La Agencia de Recaudación y Control Aduanero (ARCA), denunció penalmente al empresario Pablo Otero, conocido como el “Señor del tabaco”, por presunto lavado de activos.

Otero fue acusado formalmente por “posibles maniobras de legitimación de activos de origen ilícito” por más de 33.000 millones de pesos. La presentación del gobierno se realizó ante la Justicia Federal y en la misma se resaltó un lapso específico, que abarca desde el año 2021 al 2023.

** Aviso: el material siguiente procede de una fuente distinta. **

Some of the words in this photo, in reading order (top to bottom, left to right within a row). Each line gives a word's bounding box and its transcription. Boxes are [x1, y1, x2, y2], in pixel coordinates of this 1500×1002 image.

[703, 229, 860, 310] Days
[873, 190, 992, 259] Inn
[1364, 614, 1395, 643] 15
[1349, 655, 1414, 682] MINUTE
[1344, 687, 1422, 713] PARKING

Durante ese periodo la empresa de Otero “vendió cigarrillos por más de 33.600 millones de pesos a 23 distribuidores mayoristas con perfil fiscal irregular“. La sospecha de los investigadores apunta a que Otero habría utilizado esas distribuidoras como pantalla para ocultar una supuesta maniobra ilegal, habida cuenta que las mismas no tenían personal ni sede física.

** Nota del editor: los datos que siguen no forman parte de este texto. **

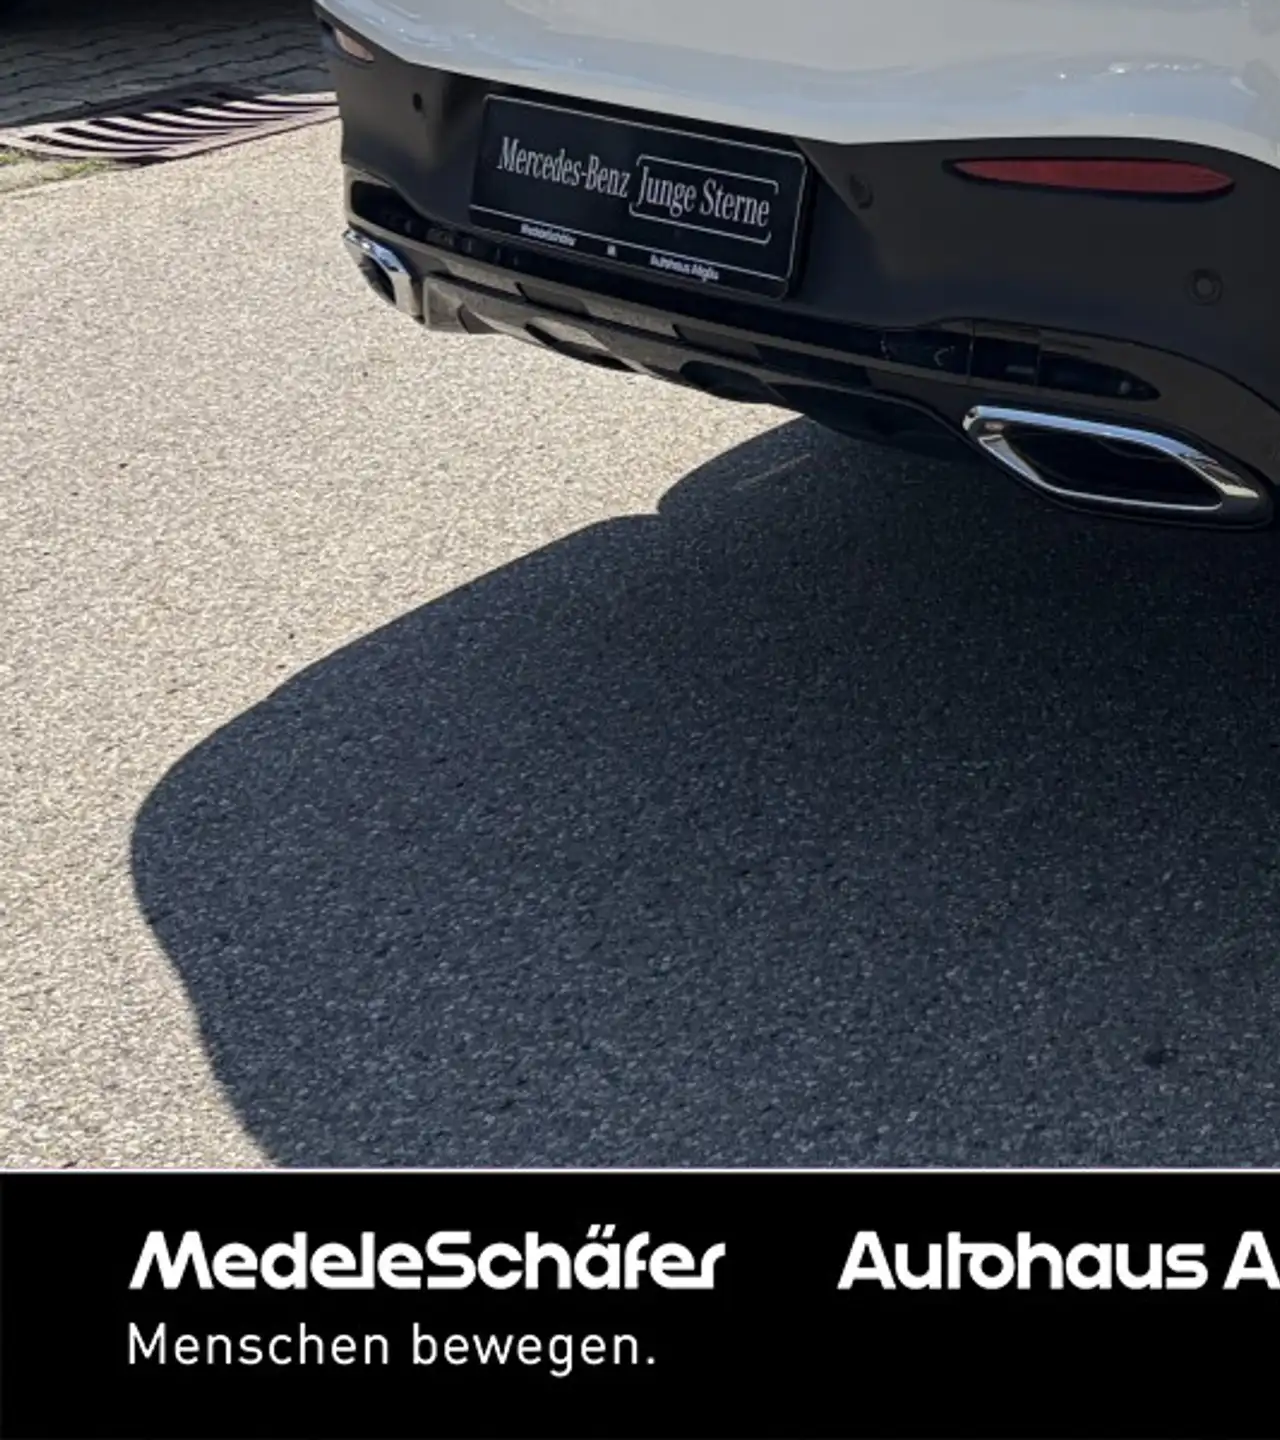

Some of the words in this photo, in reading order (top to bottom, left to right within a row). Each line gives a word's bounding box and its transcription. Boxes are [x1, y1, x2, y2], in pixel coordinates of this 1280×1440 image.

[496, 136, 632, 198] Mercedes-Benz
[636, 165, 697, 217] Junge
[699, 177, 771, 228] Sterne

Además, ARCA remarcó una serie de irregularidades, que impidieron “establecer la trazabilidad del dinero”, como la ausencia de pagos tributarios y de acreditaciones bancarias mínimas. En tanto, los mayoristas recibieron pagos en efectivo, razón por la cual tampoco hay registros.

Otero era propietario Tabacalera Sarandí, una empresa que creció en el mercado tras haberse negado a pagar un tributo que se había había instaurado en 2018, durante el gobierno de Mauricio Macri.

El titular de Tabacalera Sarandí alegaba que se trataba de una pyme y gracias a una serie de medidas cautelares logró en aquel momento evitar el pago de ese impuesto, lo que le permitía competir con precios más bajos.